A simple phone checklist can help detect tell-tale changes in the health status of people receiving nonmedical home care, according to the findings of a pilot study led by investigators at Harvard Medical School.

Results of the research are based on a program that requires home-care aides to record changes in status during a telephone clockout at the end of each shift.

The research was conducted in collaboration with Right at Home, a senior home care provider, and ClearCare, a company that provides a software platform for homecare agencies.

Analysis of the data captured over a six-month period across 22 Right at Home agencies reveals that changes in clinical status are relatively common — occurring in 2 percent of all caregiver shifts and affecting, on average, 2 percent of recipients. The majority of changes were in behaviour (17 percent) and skin condition (16 percent), followed by changes in eating or drinking behaviour (14 percent) and ability to stand or walk (9 percent).

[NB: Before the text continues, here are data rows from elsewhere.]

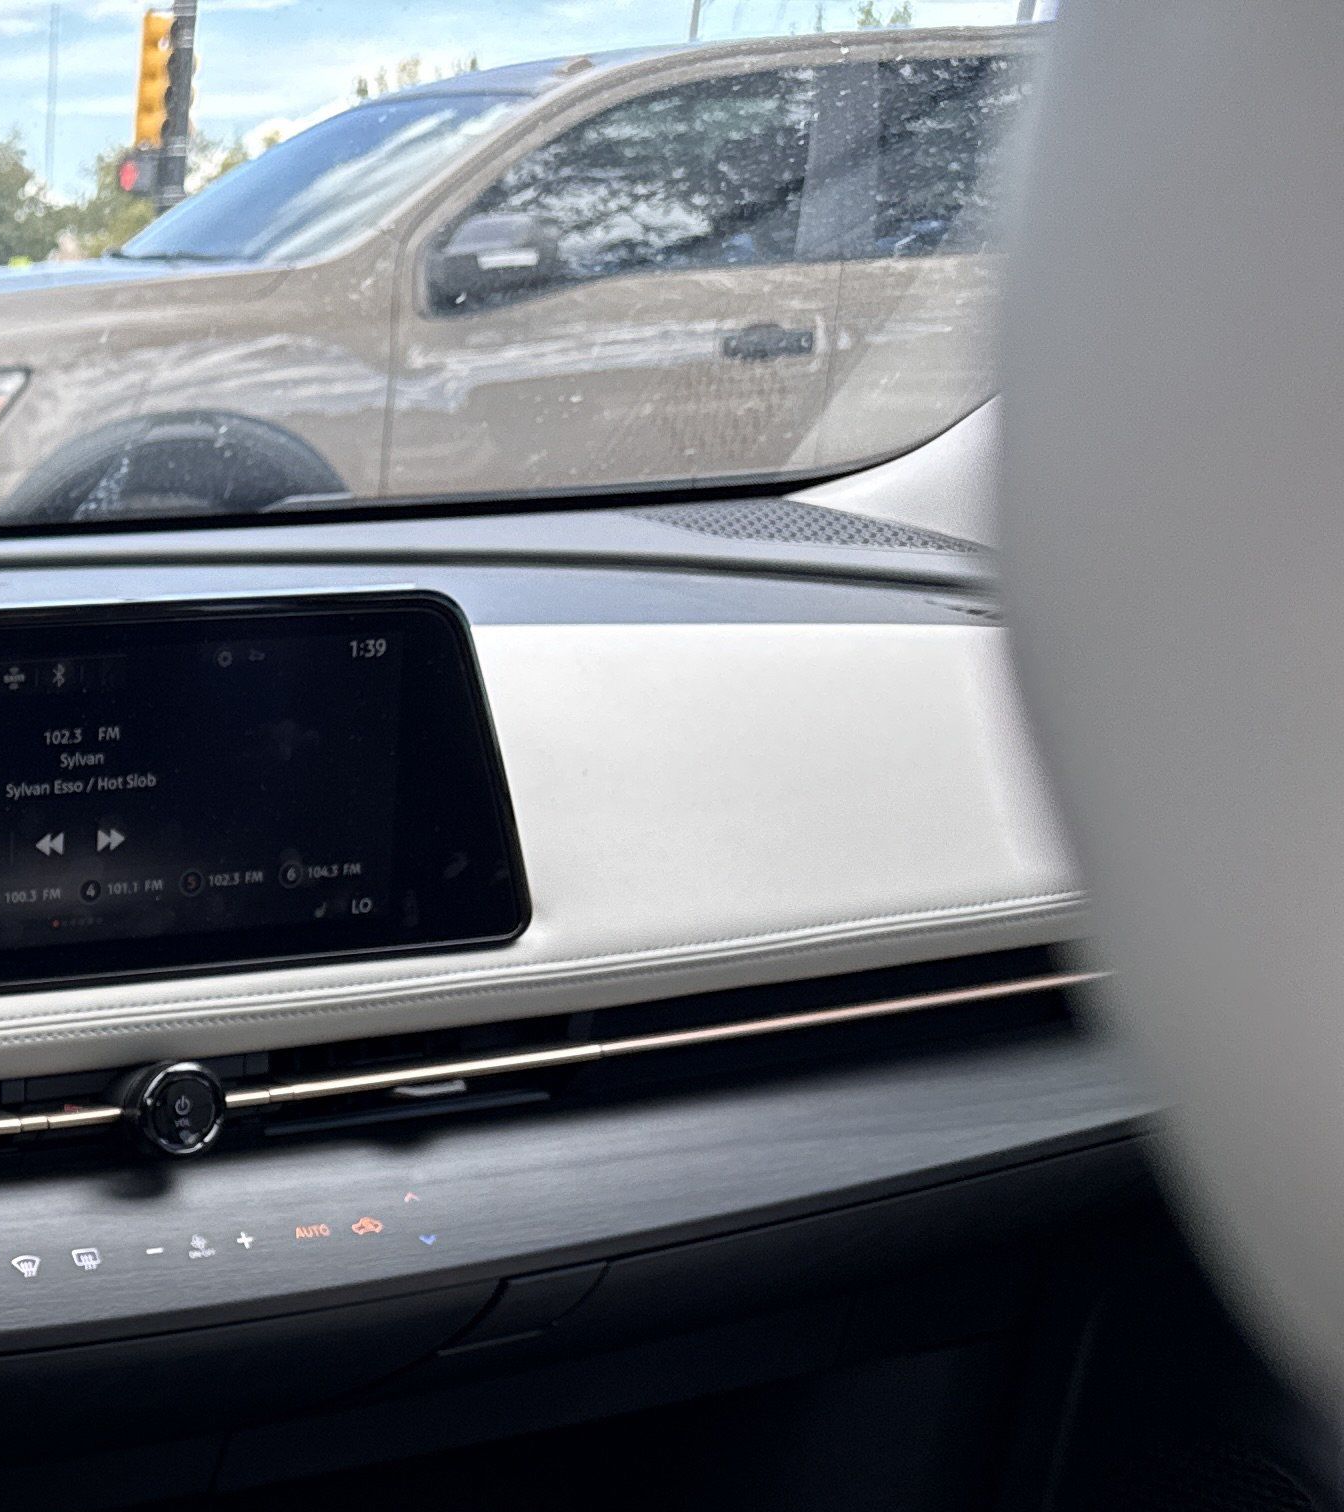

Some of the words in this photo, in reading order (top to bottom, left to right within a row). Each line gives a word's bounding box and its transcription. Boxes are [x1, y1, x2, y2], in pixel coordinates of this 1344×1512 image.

[349, 637, 387, 658] 1:39
[43, 728, 83, 745] 102.3
[97, 725, 121, 742] FM
[60, 752, 105, 770] Sylvan
[5, 781, 50, 801] Sylvan
[53, 779, 83, 795] Esso
[97, 776, 124, 791] Hot
[126, 772, 157, 789] Slob
[245, 870, 263, 884] FM
[286, 867, 297, 882] 6
[343, 862, 361, 876] FM
[4, 890, 37, 904] 100.3
[42, 888, 61, 901] FM
[85, 884, 96, 897] 4
[107, 882, 138, 896] 101.1
[144, 879, 163, 892] FM
[351, 897, 374, 915] LO
[295, 1223, 331, 1239] AUTO

The results, researchers said, underscore the potential of real-time monitoring systems to spot problems and avert complications before they escalate enough to require hospitalization. Indeed, over the course of the six-month trial, 14 percent of the home-care recipients were hospitalized.

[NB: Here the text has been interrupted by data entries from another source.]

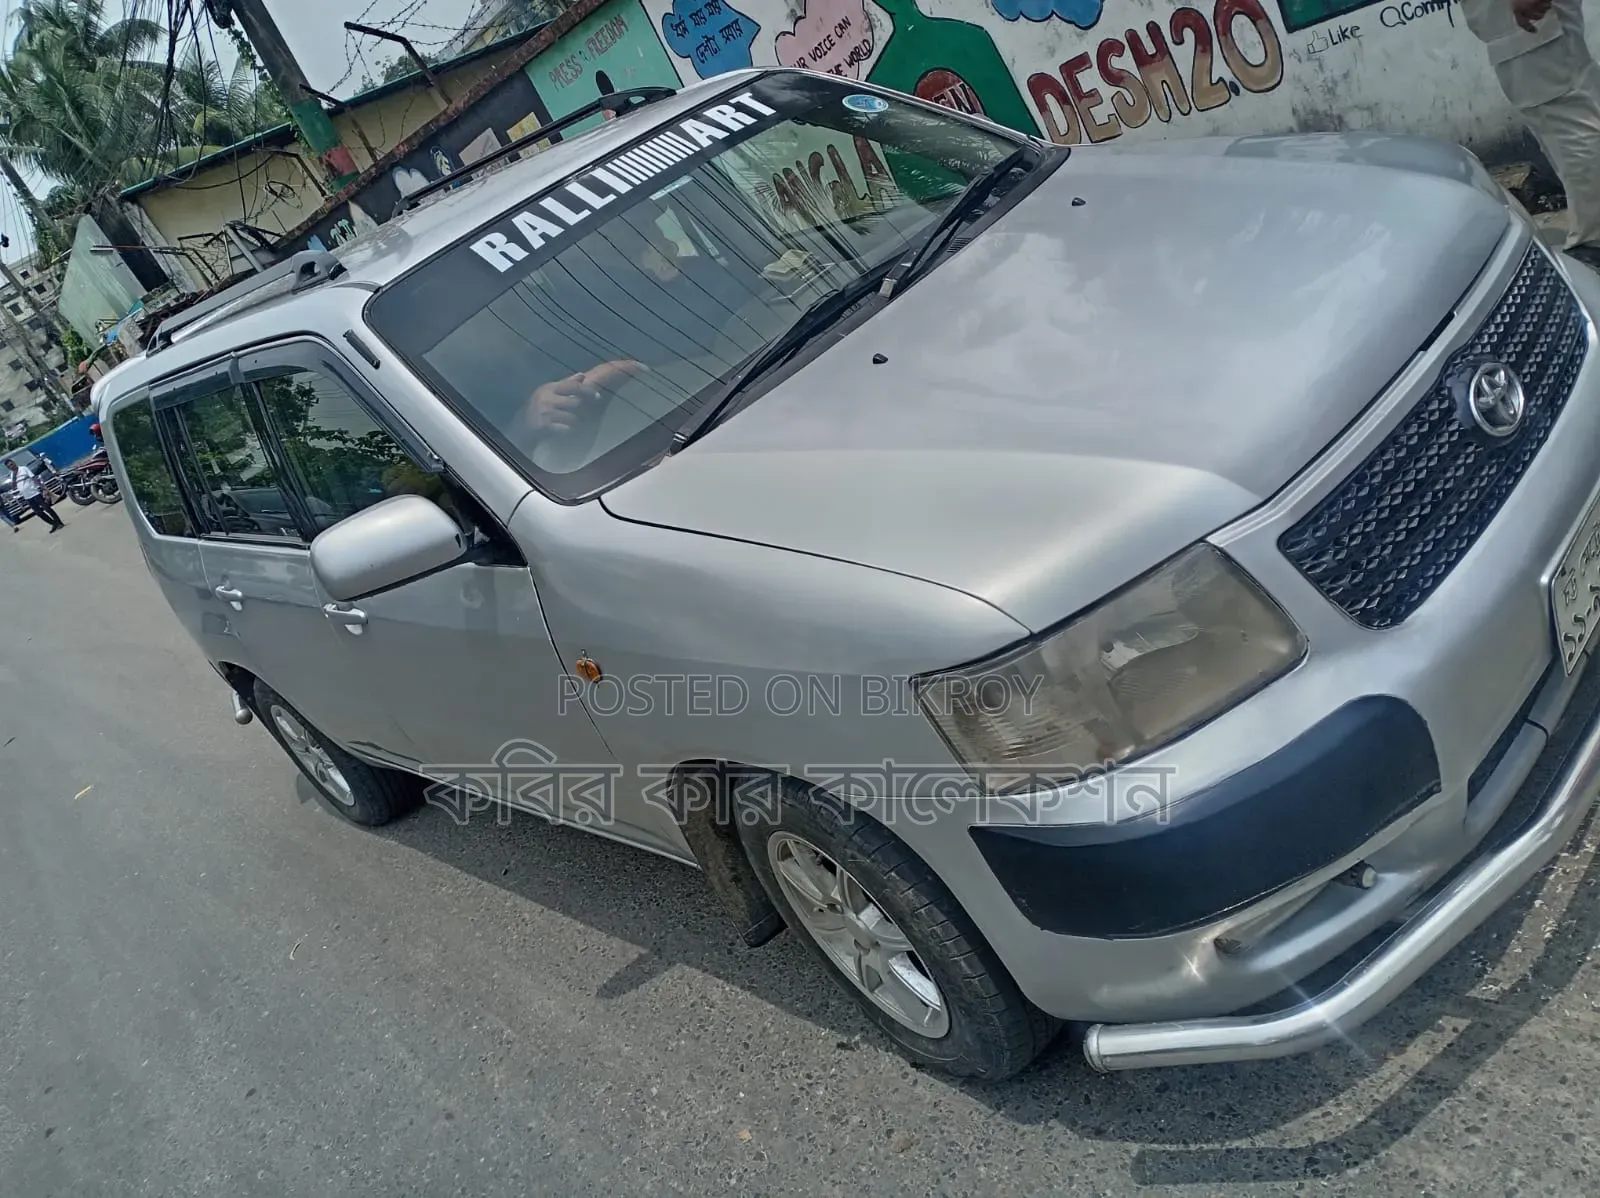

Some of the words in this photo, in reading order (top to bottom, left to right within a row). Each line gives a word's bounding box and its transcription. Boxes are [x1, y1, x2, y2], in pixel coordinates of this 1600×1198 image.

[808, 34, 836, 62] VOICE
[834, 15, 852, 39] CAN
[1328, 24, 1361, 46] Like
[843, 38, 872, 68] WORLD
[549, 52, 584, 90] PRESS

Recipients of non-medical home care often have chronic health conditions that lead to hospitalizations, some of which may be preventable.

The research team cautioned that whether the real-time monitoring system could, in fact, prevent hospitalizations and reduce cost of care remains unknown. That, they said, is the subject of an ongoing randomized trial across 400 home-care locations in the United States. However, the research team said, the fact that a basic phone questionnaire could capture important indicators in clinical status points to the value of harnessing simple technologies to monitor those receiving care at home.

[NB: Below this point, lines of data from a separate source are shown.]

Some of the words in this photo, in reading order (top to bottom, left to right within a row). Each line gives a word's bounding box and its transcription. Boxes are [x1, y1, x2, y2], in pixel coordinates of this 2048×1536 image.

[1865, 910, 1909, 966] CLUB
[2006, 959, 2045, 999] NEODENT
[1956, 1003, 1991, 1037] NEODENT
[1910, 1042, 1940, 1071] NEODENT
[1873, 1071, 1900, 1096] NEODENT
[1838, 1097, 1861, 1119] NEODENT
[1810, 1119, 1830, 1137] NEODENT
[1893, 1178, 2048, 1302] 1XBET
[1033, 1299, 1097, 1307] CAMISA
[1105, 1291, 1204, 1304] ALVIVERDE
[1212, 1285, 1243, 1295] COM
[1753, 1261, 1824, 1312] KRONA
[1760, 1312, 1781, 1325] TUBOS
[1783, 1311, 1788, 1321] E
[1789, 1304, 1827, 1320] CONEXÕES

‘Millions of elderly Americans receive supportive home-care services each year, and many of them require frequent hospitalizations, so we set out to determine whether a simple real-time checklist could help improve outcomes and lower health care spending,’ said study leaderDavid Grabowski, Ph.D., professor of health care policy at Harvard Medical School. ‘Our results are a first step to answering that question.’

Under the pilot program, home caregivers were required to do a phone clock out at the end of their shifts. Caregivers receive an automated phone message prompting them to report any changes in health status. The message included a list of questions pertaining to changes in mental, neurologic, gastrointestinal, urinary and other indicators. Any changes reported via the automated system were immediately dispatched to a manager at the home-care agency office for further assessment and triage. The care manager determined whether the condition required closer monitoring, a change in care, a call into the doctor’s office or all of the above. The idea, researchers said, is to prevent complications before they become grave enough to require hospitalization.

Patients who may benefit the most include those with chronic conditions such as diabetes, neurologic disorders or cardiovascular disease, in whom even seemingly innocuous changes could spell bigger trouble. That theme, researchers said, emerged clearly in a series of interviews with home-care workers. For example, one manager relayed the story of a person with diabetes whose caregiver reported a foot ulcer through the phone-based checklist. Normally, that injury would not have been reported until the end of the week, but because of the prompt alert, the care manager reached out to the patient’s nurse, who initiated treatment immediately. One week later, the wound had healed. Sores, wounds and injuries are particularly dangerous in people with diabetes and can lead to rapid decay of tissue and, in some cases, limb amputations.